= Aim of the exercise =
Reproduce all the entries exactly and keep the pictures out.
>>>
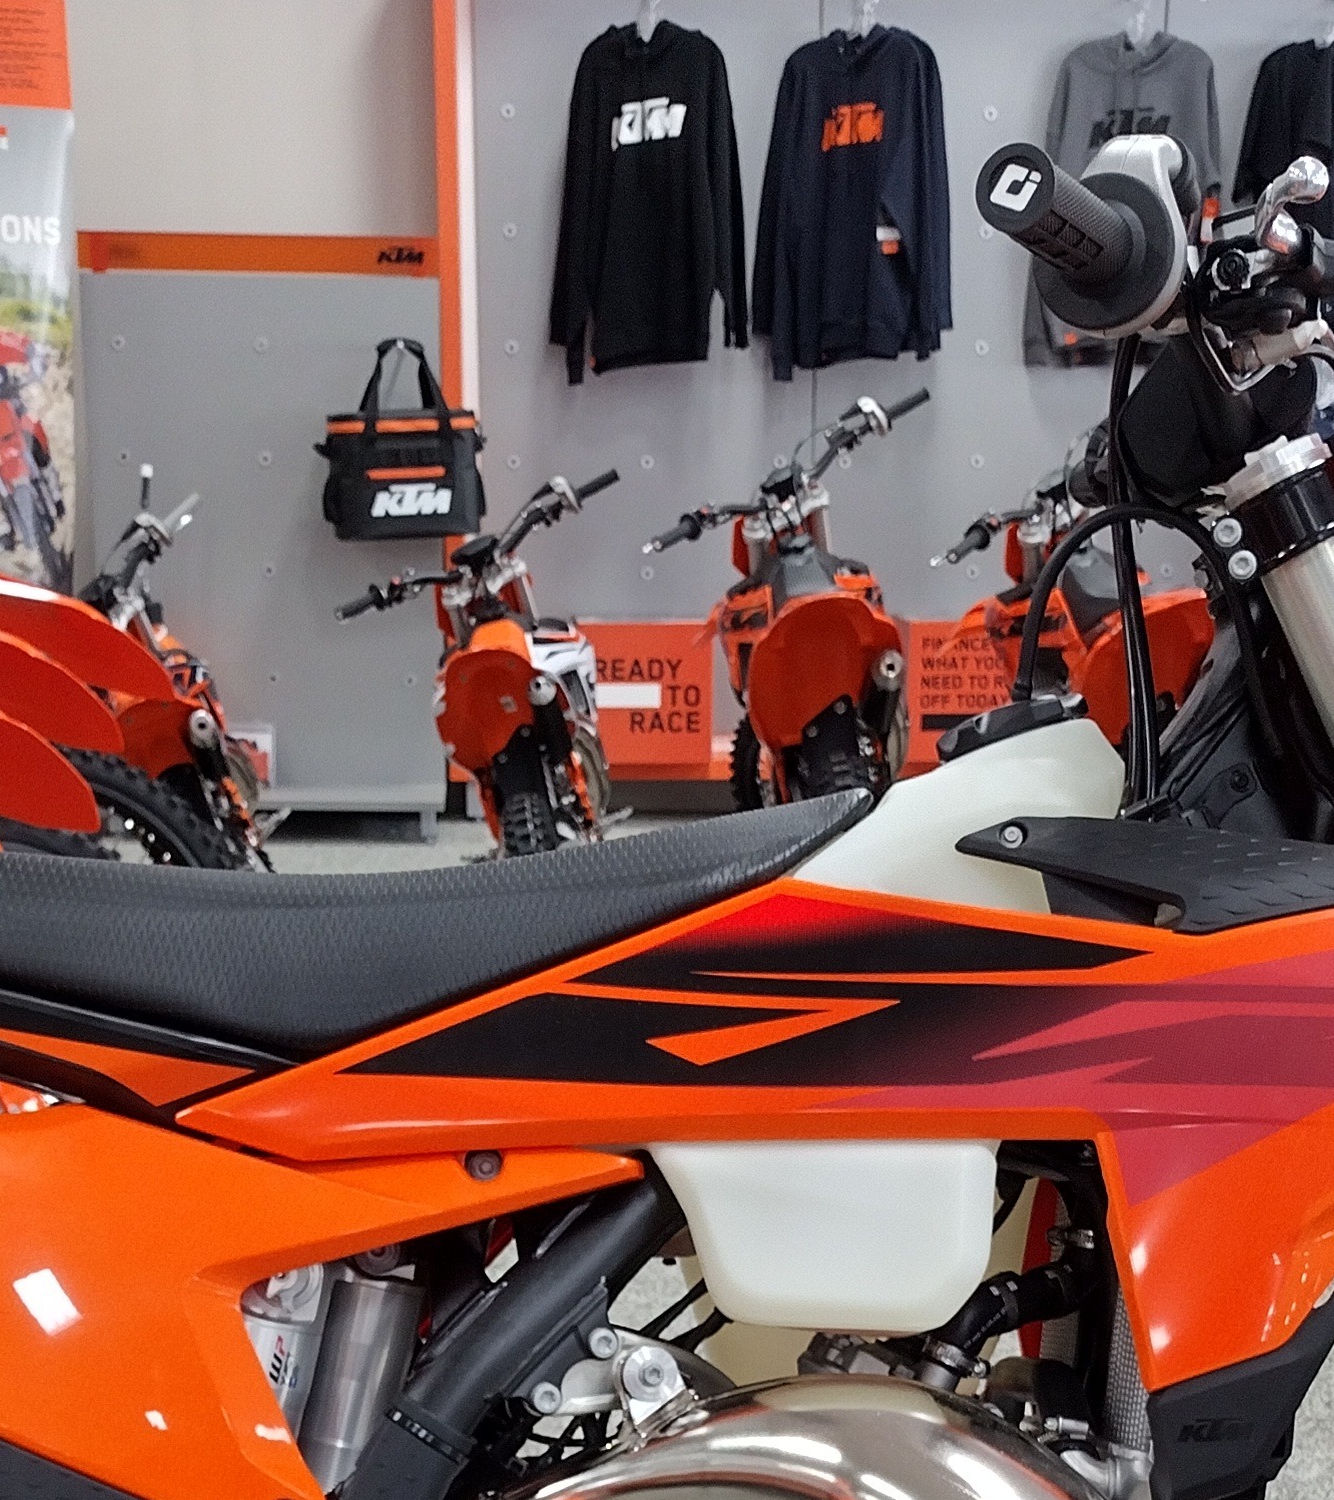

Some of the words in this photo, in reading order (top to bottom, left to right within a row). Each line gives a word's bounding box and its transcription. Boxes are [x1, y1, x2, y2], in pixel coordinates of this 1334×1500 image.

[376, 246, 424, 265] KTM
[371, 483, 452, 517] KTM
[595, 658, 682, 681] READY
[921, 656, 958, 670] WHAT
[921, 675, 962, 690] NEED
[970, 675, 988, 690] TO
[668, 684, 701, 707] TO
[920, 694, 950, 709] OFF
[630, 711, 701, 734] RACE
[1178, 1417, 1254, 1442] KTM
<<<
= Exercise response =
Some of the words in this photo, in reading order (top to bottom, left to right within a row). Each line gives a word's bounding box and its transcription. Boxes are [x1, y1, x2, y2], in pixel coordinates of this 1334×1500 image.

[376, 246, 424, 265] KTM
[371, 483, 452, 517] KTM
[595, 658, 682, 681] READY
[921, 656, 958, 670] WHAT
[921, 675, 962, 690] NEED
[970, 675, 988, 690] TO
[668, 684, 701, 707] TO
[920, 694, 950, 709] OFF
[630, 711, 701, 734] RACE
[1178, 1417, 1254, 1442] KTM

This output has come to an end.